Gastone Pietro Rosati Papini

Abstract

The anti-lock braking system (ABS) is a vital safety feature in modern vehicles, preventing wheel lock during emergency braking. However, the performance of conventional ABS is often limited by the lack of real-time road friction information. This paper introduces a novel road friction-aware ABS, leveraging model-structured neural networks (MSNNs) to learn the vehicle longitudinal dynamics in different road conditions. Our framework uses a robust criterion to dynamically select from a set of pre-trained MSNNs based on the available sensor data, enabling real-time road friction estimation and autonomous adaptation of the ABS parameters. Simulation experiments demonstrate that the proposed MSNN-based ABS significantly improves safety and performance across varying road conditions: the braking distances are reduced by 3.0%–40.4% compared to a conventional ABS, tuned for a specific road condition.
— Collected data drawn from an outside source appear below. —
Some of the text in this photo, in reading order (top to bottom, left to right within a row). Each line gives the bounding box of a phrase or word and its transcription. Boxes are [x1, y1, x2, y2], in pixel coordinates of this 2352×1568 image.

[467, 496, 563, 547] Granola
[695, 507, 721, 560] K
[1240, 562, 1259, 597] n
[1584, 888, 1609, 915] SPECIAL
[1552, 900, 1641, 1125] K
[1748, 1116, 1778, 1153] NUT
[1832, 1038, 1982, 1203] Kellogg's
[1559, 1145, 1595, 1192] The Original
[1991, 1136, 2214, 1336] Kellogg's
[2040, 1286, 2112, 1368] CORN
Furthermore, the MSNN architecture shows better accuracy, generalization and sample-efficiency compared to other neural networks in the literature, and is suitable for real-time deployment on automotive-grade hardware. Our implementation is open source and available in a public repository.

Model-structured neural network for road friction-aware ABS

The friction-aware ABS relies on a bank of MS-NNs, each trained offline on a specific road condition (dry, wet, snowy, icy asphalt). Every model predicts the longitudinal acceleration \(\hat{a}_x\) from past measurements of vehicle speed \(v_x\), brake pedal \(p_b\), engine torque \(T_e\), and road slope \(\theta\).
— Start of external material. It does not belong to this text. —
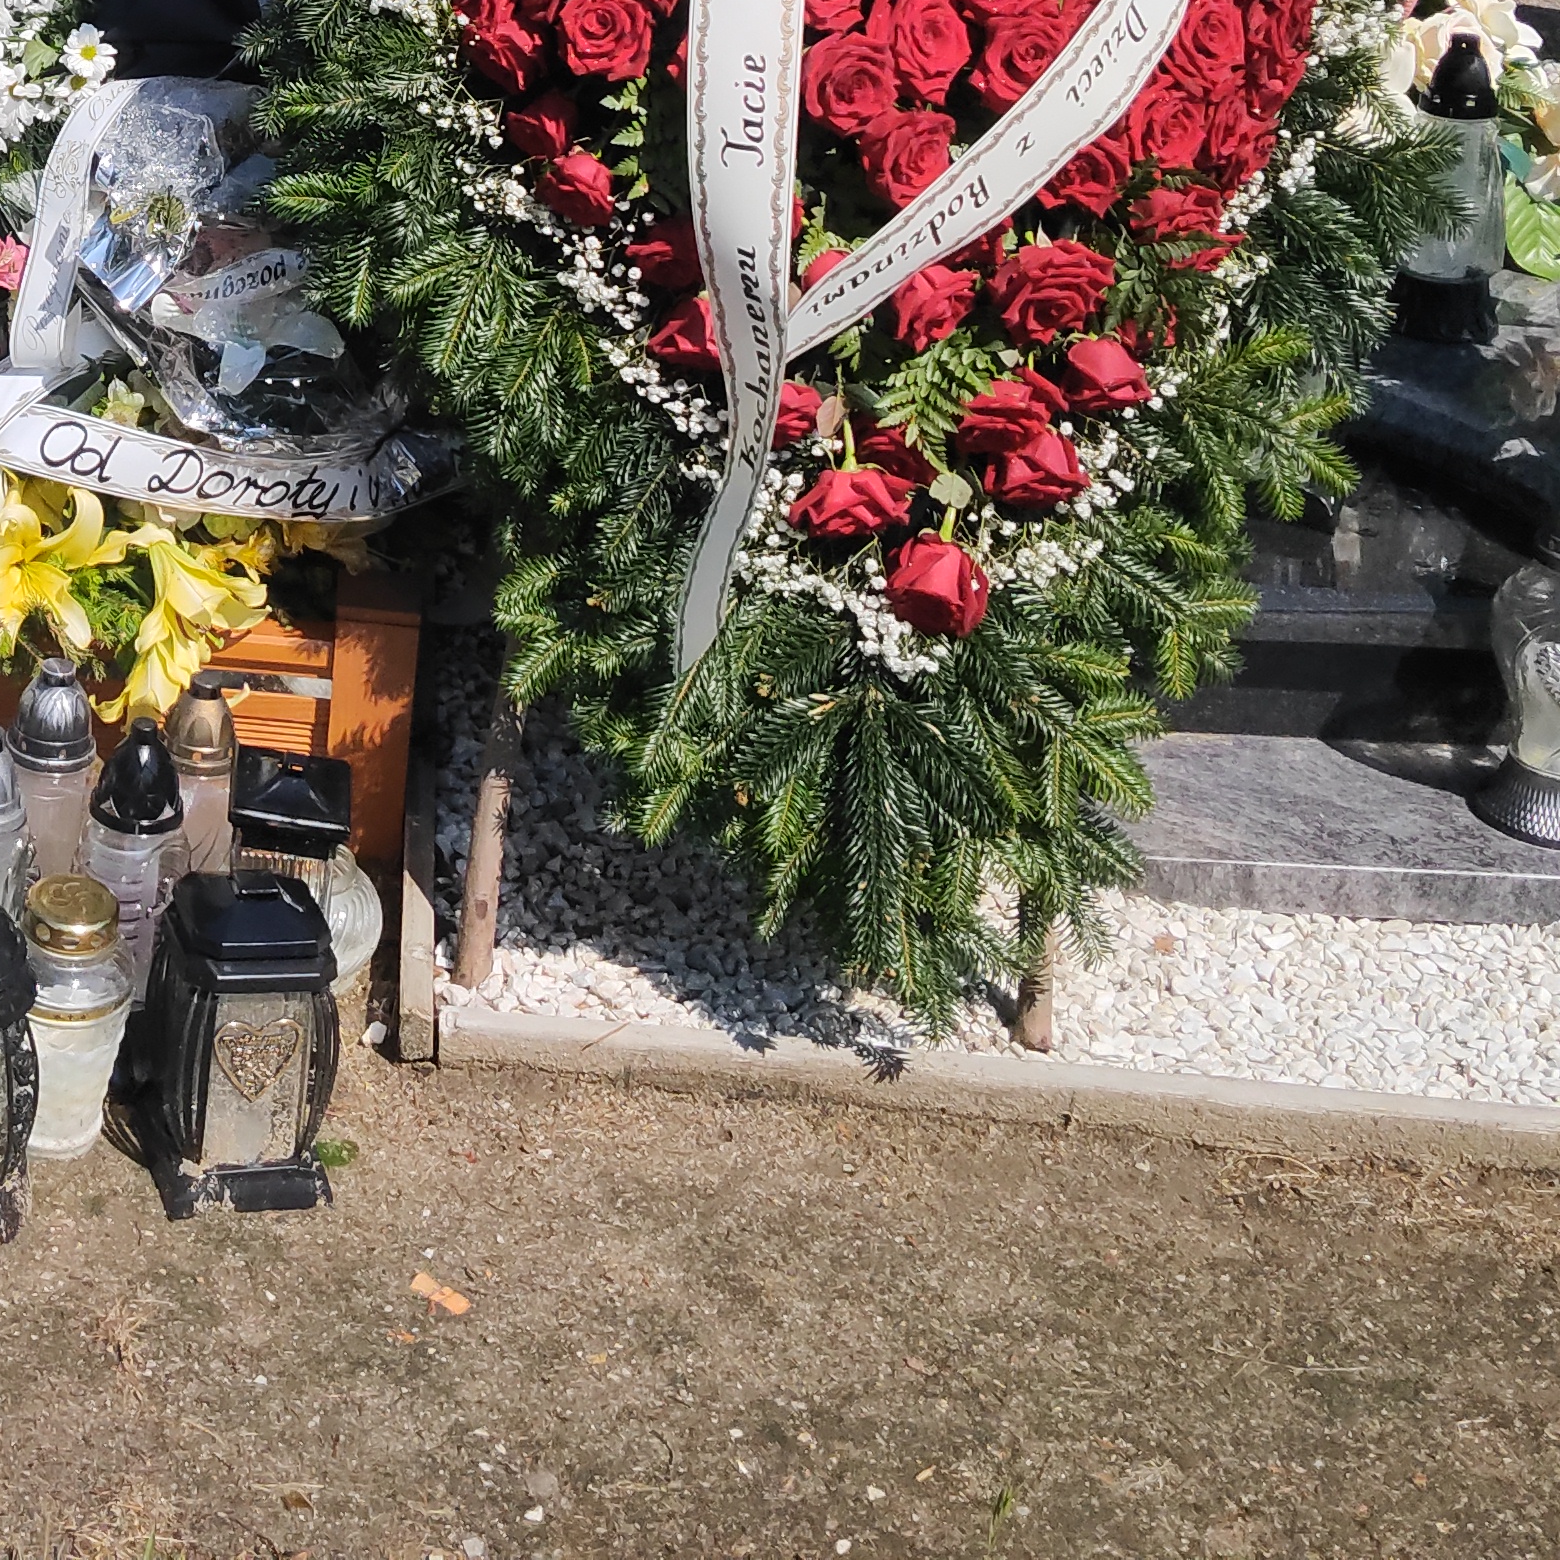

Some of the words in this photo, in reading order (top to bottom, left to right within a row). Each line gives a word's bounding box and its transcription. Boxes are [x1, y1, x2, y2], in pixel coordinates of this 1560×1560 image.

[1015, 131, 1036, 158] z
[806, 175, 991, 317] Rodzinami
[40, 421, 121, 482] Od
[147, 449, 338, 518] Doroty
At runtime, a noise-robust selection criterion compares the measured acceleration \(a_x\) with the predictions \(\hat{a}_{x,i}\) of all models \(i = 1,\ldots,Q\) and estimates the current friction level. The estimate adapts the ABS parameters \(\beta\) (e.g. slip targets and pressure modulation) without requiring an explicit friction sensor.

Framework overview (Figure 1)

Figure 1 summarizes the proposed road friction-aware ABS. On the left, the offline phase collects vehicle telemetries from a high-fidelity simulator in different road conditions and trains one MS-NN per friction level. On the right, during online operation the driver commands the brake pedal \(p_b\); the adaptive ABS modulates the brake torques \(\mathbf{T}_b^{\mathrm{ABS}}\) at the front and rear wheels using vehicle speed \(v_x\), wheel speeds \(\omega\), and parameters \(\beta\) that are updated from the estimated road condition. Road friction is inferred by comparing the measured longitudinal acceleration \(a_x\) with the predictions \(\hat{a}_{x,i}\) of the MS-NNs and selecting the most consistent model with a noise-robust criterion.
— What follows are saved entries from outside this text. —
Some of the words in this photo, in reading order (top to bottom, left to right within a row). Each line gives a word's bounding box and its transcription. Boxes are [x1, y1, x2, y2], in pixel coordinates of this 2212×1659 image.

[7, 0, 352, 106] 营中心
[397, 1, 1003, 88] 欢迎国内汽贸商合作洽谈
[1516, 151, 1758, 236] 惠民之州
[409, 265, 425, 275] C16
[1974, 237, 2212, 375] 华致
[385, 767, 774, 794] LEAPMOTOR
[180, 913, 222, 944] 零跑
Road friction-aware ABS: offline training and online operation with MS-NN bank and selection criterion

MS-NN architecture (Figure 2)

Figure 2(a) shows the internal structure of the MS-NN used to learn longitudinal vehicle dynamics. The network takes windows of engine torque \(T_e\) and brake pedal \(p_b\), the current speed \(v_x\), and road slope \(\theta\), and outputs \(\hat{a}_x\). It combines a model-based branch (Newton equation with neuro-fuzzy local models for the front brake torque \(T_{bf}\)) and a data-driven branch that captures residual effects; the two contributions are summed as \(\hat{a}_x = \hat{a}_{x_{\mathrm{model}}} + \hat{a}_{x_{\mathrm{DD}}}\). Figure 2(b) details the local neuro-fuzzy models that estimate \(T_{bf}\) from \(p_b\) and \(T_e\): membership functions \(\psi_{bi}(p_b)\) and \(\psi_{ej}(T_e)\) activate \(N\) local models whose outputs are blended with coefficients \(F_i\). Gray numbers on the signal arrows indicate tensor sizes in the implementation.

MS-NN internal architecture (a) and local neuro-fuzzy models for front brake torque (b)

The MSNN blocks are implemented with the nnodely framework for structured architectures and real-time deployment on automotive-grade hardware.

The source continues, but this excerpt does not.